___ Task data

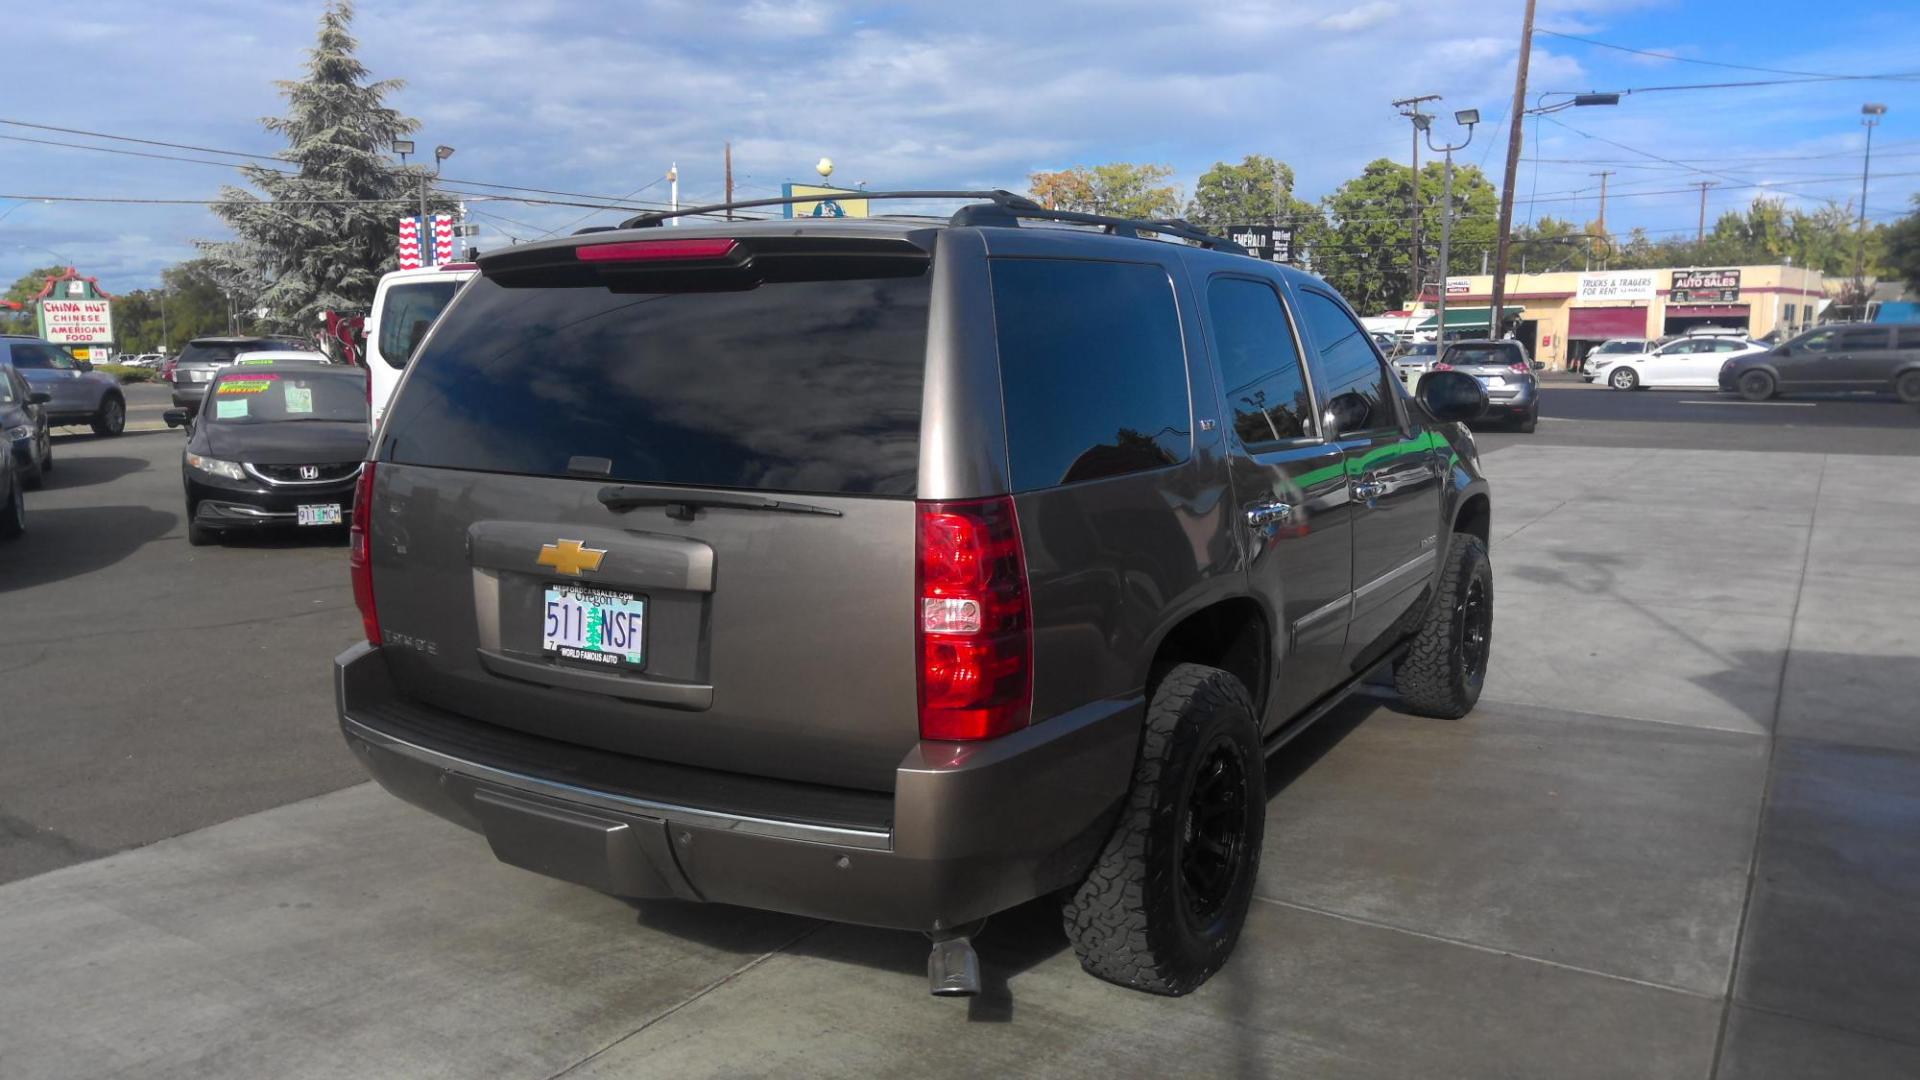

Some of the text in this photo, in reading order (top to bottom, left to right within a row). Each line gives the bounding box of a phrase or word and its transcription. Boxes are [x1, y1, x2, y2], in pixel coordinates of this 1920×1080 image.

[1233, 233, 1266, 248] EMERALD
[1583, 278, 1652, 287] TRUCKS & TRAILERS
[1675, 277, 1736, 288] AUTO SALES
[1583, 287, 1598, 296] FOR
[1600, 287, 1617, 295] RENT
[44, 302, 107, 313] CHINA HUT
[53, 314, 100, 322] CHINESE
[51, 326, 106, 334] AMERICAN
[547, 601, 641, 649] 511 NSF
[561, 647, 618, 664] WORLD FAMOUS AUTO
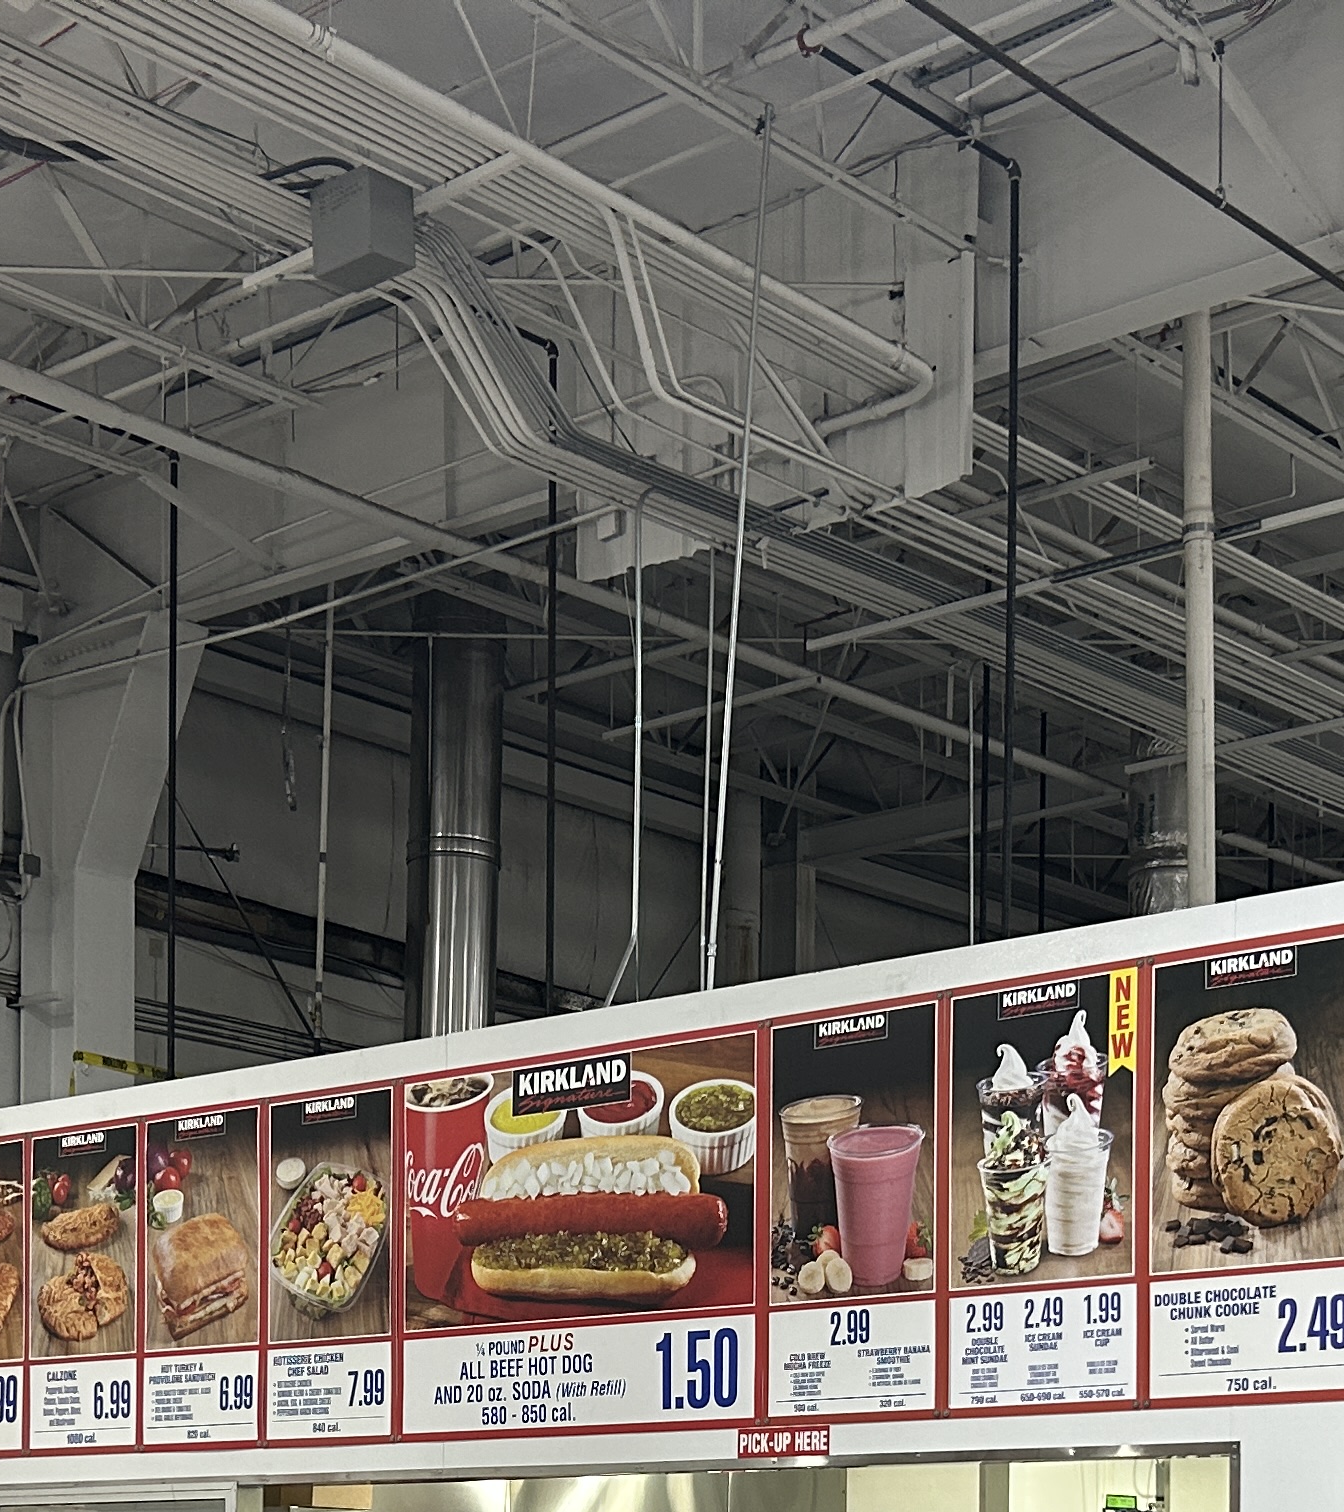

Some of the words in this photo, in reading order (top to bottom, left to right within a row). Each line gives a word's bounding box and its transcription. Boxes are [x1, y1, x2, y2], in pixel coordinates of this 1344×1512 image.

[1210, 949, 1293, 976] KIRKLAND
[1002, 983, 1077, 1009] KIRKLAND
[818, 1014, 885, 1037] KIRKLAND
[1113, 975, 1133, 1060] NEW
[518, 1059, 627, 1097] KIRKLAND
[305, 1097, 354, 1114] KIRKLAND
[518, 1086, 626, 1116] Signature
[178, 1114, 224, 1131] KIRKLAND
[61, 1131, 105, 1148] KIRKLAND
[1154, 1291, 1201, 1307] DOUBLE
[1205, 1285, 1277, 1303] CHOCOLATE
[966, 1301, 1004, 1333] 2.99
[1024, 1296, 1064, 1329] 2.49
[1083, 1291, 1121, 1325] 1.99
[1170, 1305, 1212, 1321] CHUNK
[1215, 1302, 1260, 1317] COOKIE
[830, 1308, 870, 1346] 2.99
[1083, 1330, 1095, 1339] ICE
[1096, 1327, 1123, 1338] CREAM
[488, 1340, 525, 1356] POUND
[528, 1332, 574, 1354] PLUS
[971, 1337, 999, 1346] DOUBLE
[1024, 1333, 1036, 1343] ICE
[1037, 1331, 1063, 1342] CREAM
[1094, 1338, 1110, 1347] CUP
[857, 1346, 902, 1358] STRAWBERRY
[903, 1345, 931, 1354] BANANA
[965, 1345, 1005, 1356] CHOCOLATE
[1029, 1342, 1058, 1352] SUNDAE
[314, 1352, 344, 1363] CHICKEN
[808, 1360, 831, 1369] FREEZE
[876, 1355, 911, 1365] SMOOTHIE
[962, 1356, 979, 1365] MINT
[980, 1354, 1008, 1364] SUNDAE
[161, 1364, 173, 1373] HOT
[174, 1363, 197, 1373] TURKEY
[287, 1366, 305, 1377] CHEF
[307, 1365, 329, 1376] SALAD
[460, 1360, 485, 1380] ALL
[490, 1358, 523, 1379] BEEF
[528, 1356, 556, 1377] HOT
[562, 1354, 593, 1374] DOG
[655, 1327, 739, 1411] 1.50
[46, 1370, 78, 1383] CALZONE
[1226, 1378, 1249, 1392] 750
[1253, 1376, 1277, 1390] cal.
[219, 1374, 254, 1411] 6.99
[347, 1368, 385, 1407] 7.99
[434, 1385, 462, 1405] AND
[467, 1384, 483, 1403] 20
[488, 1387, 507, 1403] oz.
[512, 1380, 551, 1400] SODA
[555, 1379, 587, 1401] (With
[590, 1377, 627, 1399] Refill)
[94, 1380, 131, 1420] 6.99
[481, 1406, 507, 1425] 580
[521, 1404, 547, 1424] 850
[551, 1402, 576, 1423] cal.
[312, 1423, 326, 1433] 840
[327, 1422, 341, 1432] cal.
[85, 1432, 97, 1443] cal.
[739, 1431, 791, 1454] PICK-UP
[794, 1430, 828, 1452] HERE
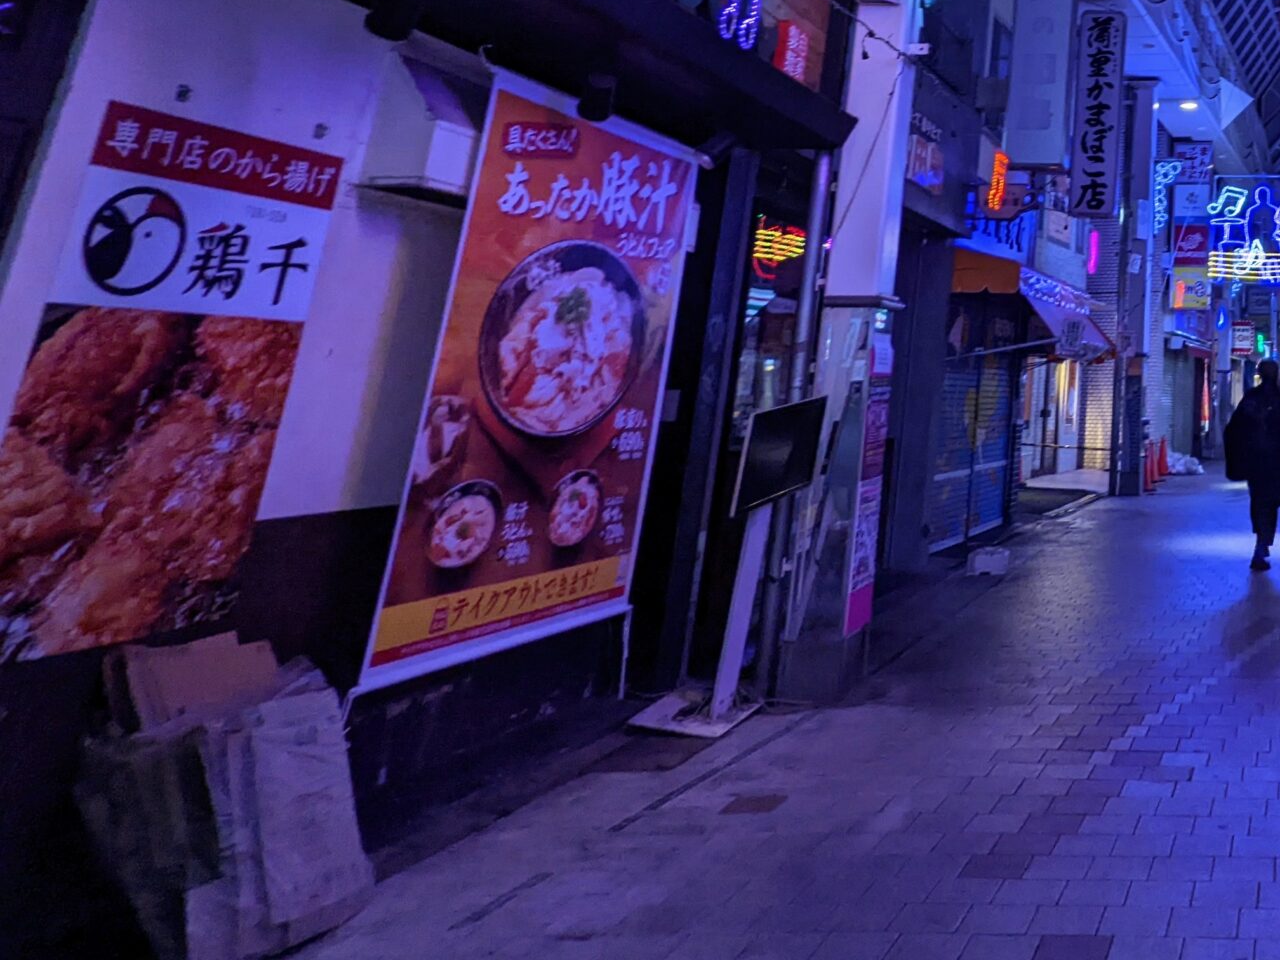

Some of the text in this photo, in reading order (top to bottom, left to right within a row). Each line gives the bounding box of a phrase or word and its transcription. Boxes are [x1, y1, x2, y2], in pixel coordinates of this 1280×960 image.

[106, 118, 336, 198] 専門店のから揚げ
[496, 150, 678, 234] あったか豚汁
[183, 222, 309, 305] 鶏千
[450, 565, 600, 627] テイクアウトできます!
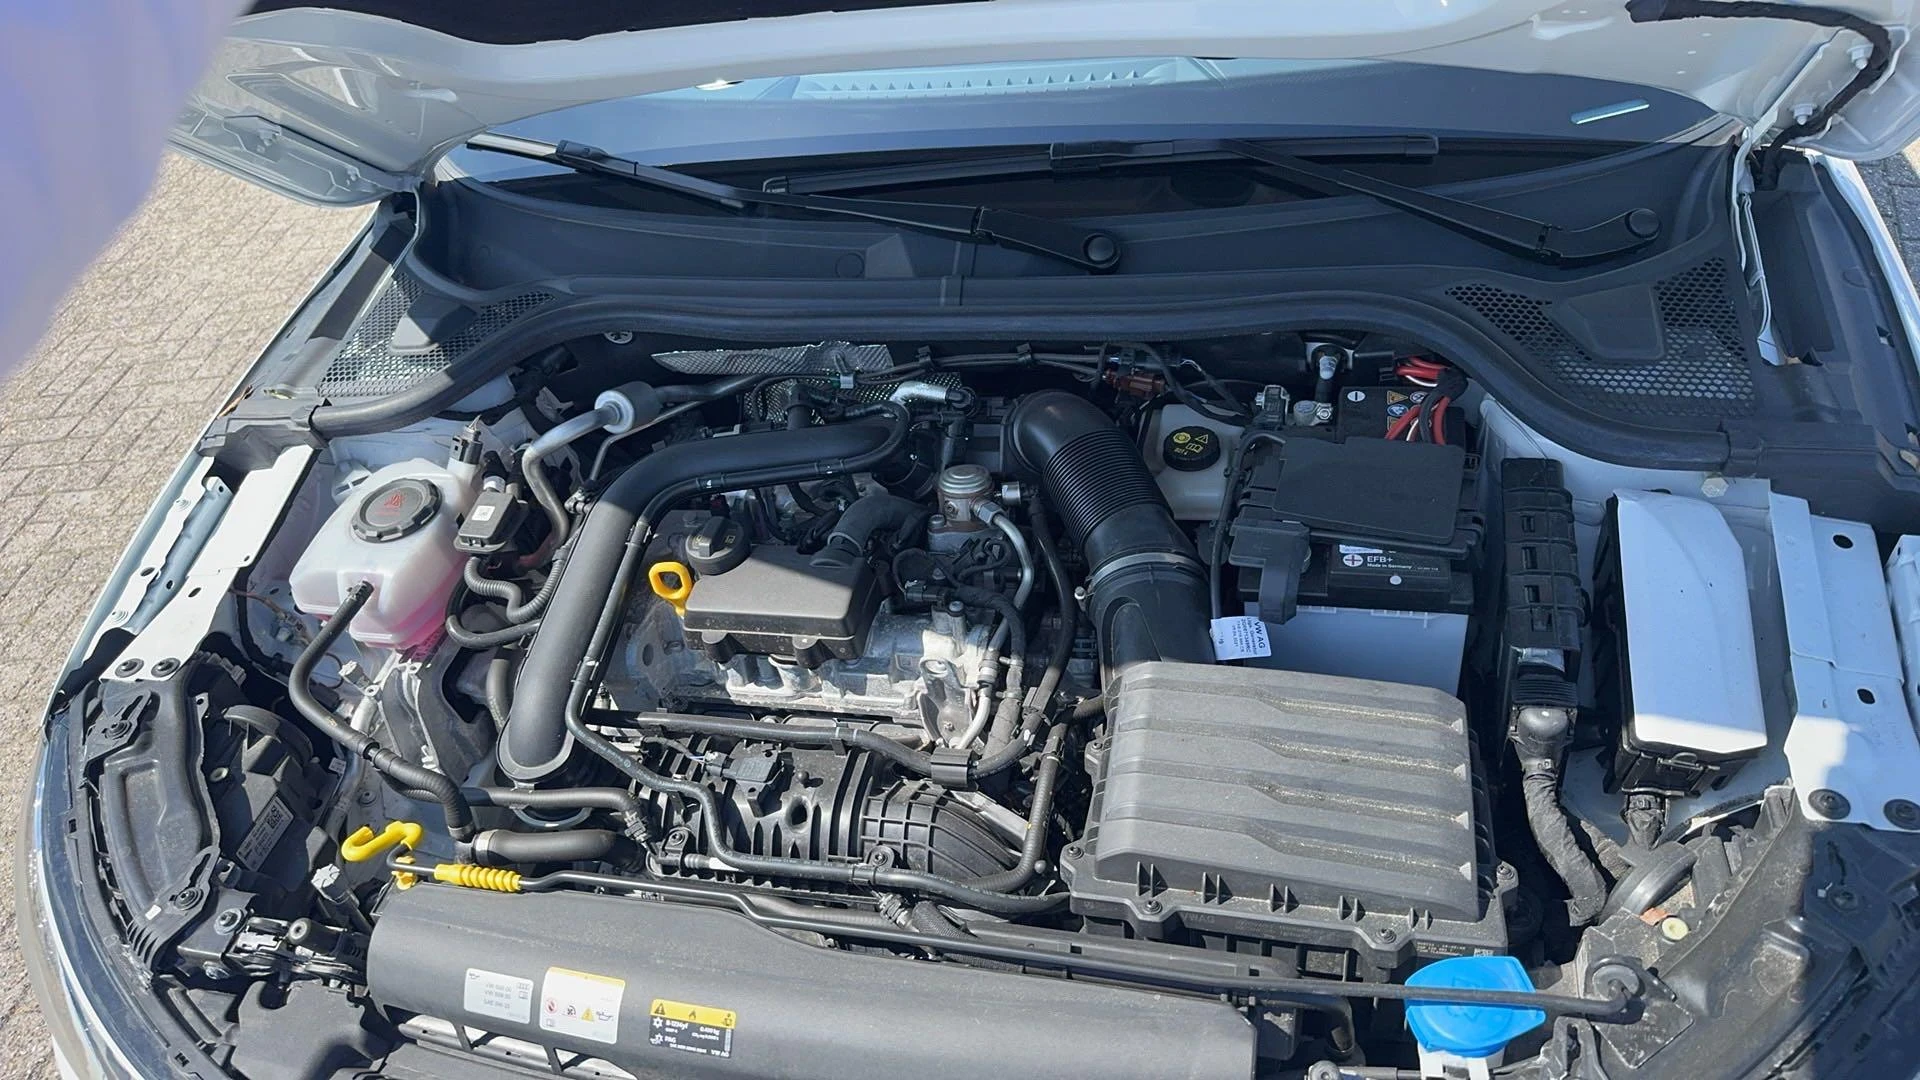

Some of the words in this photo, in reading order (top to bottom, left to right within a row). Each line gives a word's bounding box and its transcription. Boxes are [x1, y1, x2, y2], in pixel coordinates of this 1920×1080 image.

[1367, 555, 1393, 563] EFB+
[1254, 621, 1262, 635] VW
[1257, 636, 1266, 649] AG

______

▸ **About this task**: Only the lines from the one containing "this 1280×960 image." through the last line of the entries above, both included, belong in the answer, written out exactly; pictures do not.

▸ **Task answer**:
Some of the text in this photo, in reading order (top to bottom, left to right within a row). Each line gives the bounding box of a phrase or word and its transcription. Boxes are [x1, y1, x2, y2], in pixel coordinates of this 1280×960 image.

[106, 118, 336, 198] 専門店のから揚げ
[496, 150, 678, 234] あったか豚汁
[183, 222, 309, 305] 鶏千
[450, 565, 600, 627] テイクアウトできます!

Some of the words in this photo, in reading order (top to bottom, left to right within a row). Each line gives a word's bounding box and its transcription. Boxes are [x1, y1, x2, y2], in pixel coordinates of this 1920×1080 image.

[1367, 555, 1393, 563] EFB+
[1254, 621, 1262, 635] VW
[1257, 636, 1266, 649] AG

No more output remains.